A visit to the doctor's office can be a scary, confusing experience, particularly when the subject under discussion is chemotherapy's failure to eradicate breast cancer. Cathryn Tune, Samantha Belmont, and their team at CCG Metamedia, a medical education company based in New York City, created this interactive tool to help doctors explain to their patients the anatomy and progression of their cancers in a clear, easy-to-understand manner. The interface allows doctors to select tumor size and level of metastasis and displays the part of the patient's anatomy that cancer is attacking while suggesting treatment options.

Noninteractive Multimedia

First Place

Nicotine: The Physiologic Mechanism of Tobacco Dependence
Jane Hurd, Donna DeSmet, Jason Guerrero, Donald Tolentino

With every drag a smoker takes, trillions of nicotine molecules rush from the lungs to the bloodstream and into the brain, where they bind to alpha4beta2 nicotinic acetylcholine receptors and stimulate the release of pleasure-inducing dopamine.

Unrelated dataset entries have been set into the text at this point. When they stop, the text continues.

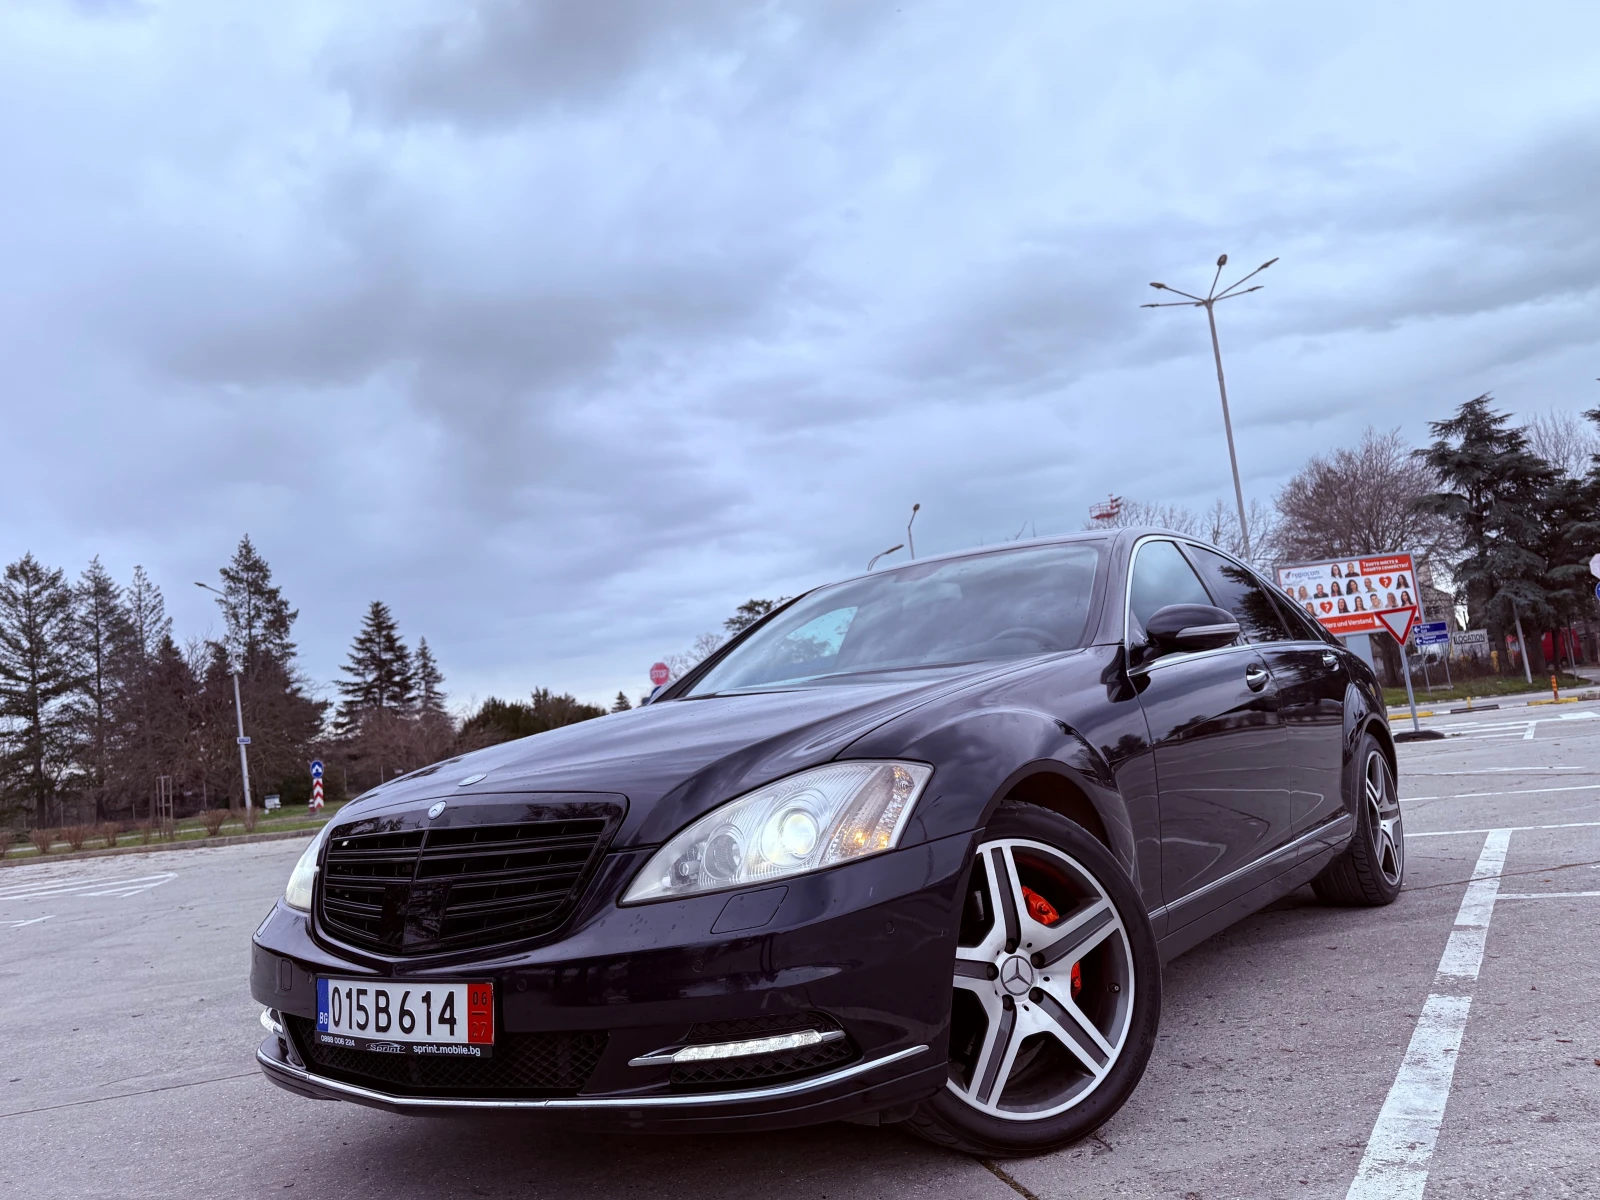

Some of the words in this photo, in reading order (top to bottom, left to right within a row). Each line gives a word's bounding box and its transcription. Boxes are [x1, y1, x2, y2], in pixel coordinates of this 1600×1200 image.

[1291, 570, 1320, 579] regiocom
[1456, 633, 1485, 643] LOCATION
[651, 670, 667, 679] STOP
[472, 991, 488, 1006] 06
[332, 986, 457, 1036] 015B614
[319, 1011, 328, 1025] BG
[472, 1022, 487, 1037] 27
[370, 1044, 401, 1053] Sprint
[413, 1044, 481, 1056] sprint.mobile.bg
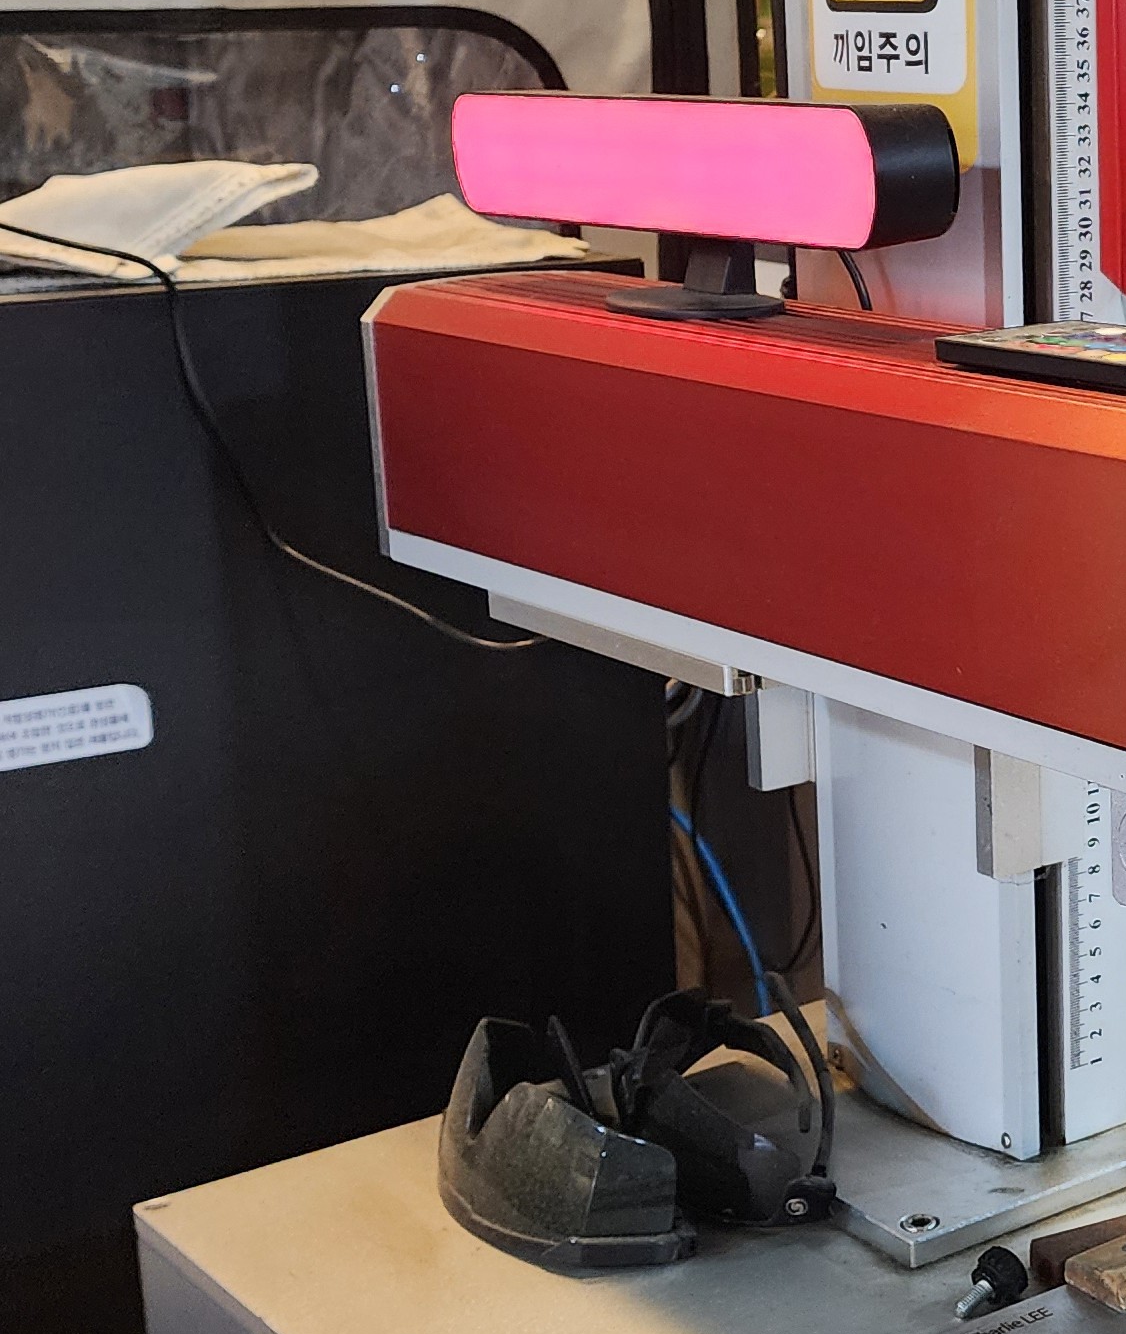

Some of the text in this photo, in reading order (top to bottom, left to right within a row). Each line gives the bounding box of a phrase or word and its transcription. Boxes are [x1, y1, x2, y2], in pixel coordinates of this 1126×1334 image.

[1077, 28, 1089, 50] 36
[832, 29, 929, 74] 끼임주의
[1077, 60, 1089, 82] 35
[1078, 92, 1090, 113] 34
[1078, 125, 1090, 145] 33
[1078, 156, 1090, 177] 32
[1079, 190, 1091, 209] 31
[1079, 217, 1092, 241] 30
[1080, 250, 1092, 271] 29
[1080, 281, 1092, 301] 28
[1087, 803, 1100, 824] 10
[1088, 838, 1099, 847] 9
[1089, 865, 1100, 874] 8
[1089, 894, 1099, 902] 7
[1090, 920, 1100, 929] 6
[1090, 947, 1101, 956] 5
[1090, 975, 1101, 983] 4
[1090, 1002, 1101, 1011] 3
[1090, 1029, 1101, 1039] 2
[1020, 1306, 1054, 1326] LEE

But as nicotine is eliminated, dopamine levels fall, and smokers begin to crave another dose. Over time, the brain becomes dependent on the drug, and the result is an addiction that claims four million lives a year from emphysema, lung cancer, heart disease and other smoking-related diseases. That is the message of this video, created by art director Donna DeSmet, animator Jason Guerrero and their team at New York City-based Hurd Studios, a scientific visualization company specializing in "cutting-edge science with educational aspects," according to President Jane Hurd.

Honorable Mention

Möbius Transformations Revealed
Douglas N. Arnold and Jonathan Rogness, University of Minnesota, Twin Cities

Any real numbers can be plotted on a line that runs from negative to positive infinity, but throw in an imaginary component and the line becomes a plane, where complex numbers are plotted on both the real and the imaginary axes. Möbius transformations are mathematical functions that send each point on such a plane to a corresponding point somewhere else on the plane, either by rotation, translation, inversion or dilation. It may sound confusing, but after watching this simple and elegant explanation of Möbius transformations created by Douglas N. Arnold and Jonathan Rogness of the University of Minnesota, Minneapolis, everything becomes clear.

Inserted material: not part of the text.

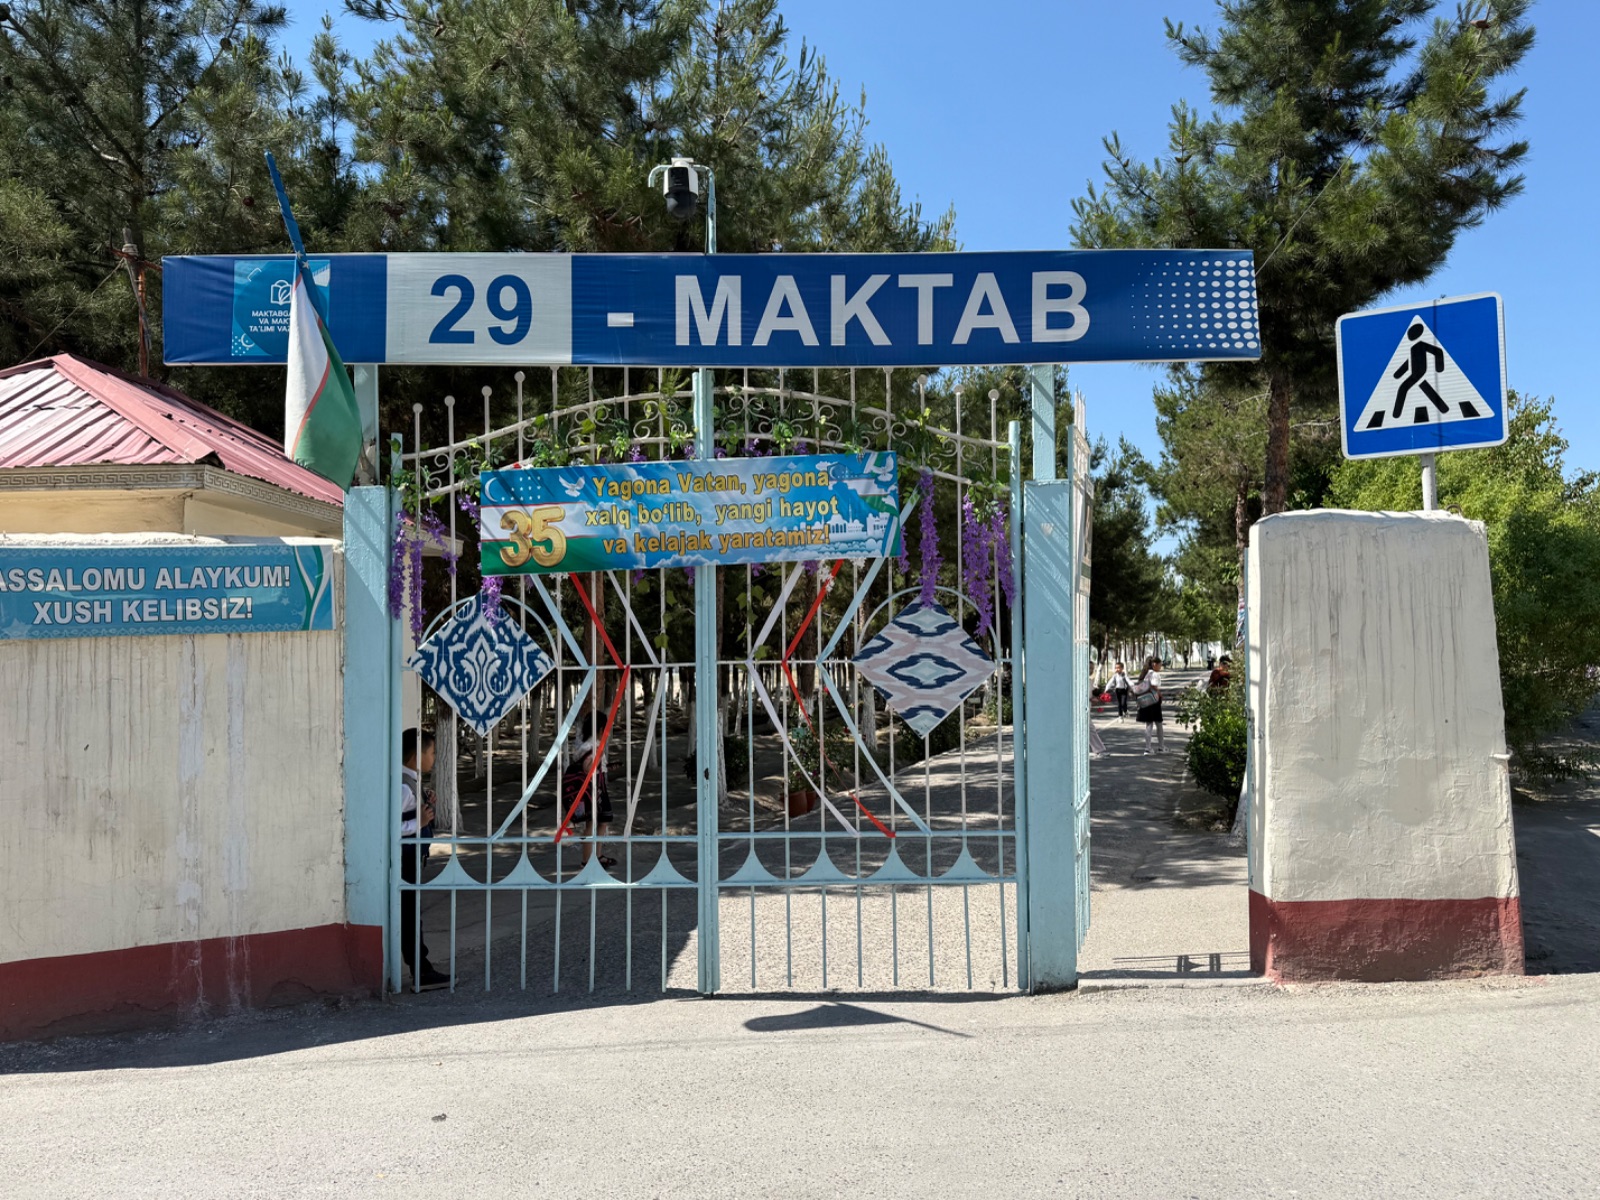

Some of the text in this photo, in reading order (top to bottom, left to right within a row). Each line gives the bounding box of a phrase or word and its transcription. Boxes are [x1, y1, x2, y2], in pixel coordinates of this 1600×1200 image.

Set to classical music, the video demonstrates the transformations in two dimensions but then backs away and adds a third -- placing a sphere above the plane and shining light through it. As the sphere moves and rotates above the plane, suddenly all the transformations become linked, in a way that conveys visually in minutes what would otherwise take "pages of algebraic manipulations" to explain, says Rogness.

Honorable Mention

Towers in the Tempest
Gregory W. Shirah, Dr. Horace G. Mitchell, Lori K. Perkins, Dr. Scott A. Braun, Stuart A. Snodgrass, Kevin Mahoney, Mike Velle, Michael Starobin, James W. Williams, Marte Newcombe, Randall Jones, B. Alex Kekesi, Dr. Tom Bridgman, Cindy Starr, Helen-Nicole Kostis, Joycelyn T. Jones

The center of a hurricane's eye may be calm, but its walls are anything but. As NASA's Tropical Rainfall Measuring Mission satellite orbited above the Caribbean in 1998, it captured radar images of vast clouds dubbed "hot towers," stretching up nearly 18 kilometers into the sky, in the eye wall of hurricane Bonnie as the hurricane moved northwest along the northern edge of the Bahamas.

In "Towers in the Tempest," Gregory W. Shirah, Lori K. Perkins and their colleagues at NASA Goddard Space Flight Center in Greenbelt, Maryland, use satellite imagery and supercomputer simulations to reveal these hot towers as the hurricane's "express elevators," intensifying the storm as they launch swirling air from the storm's base up all the way to the edge of the stratosphere at 18,000 meters.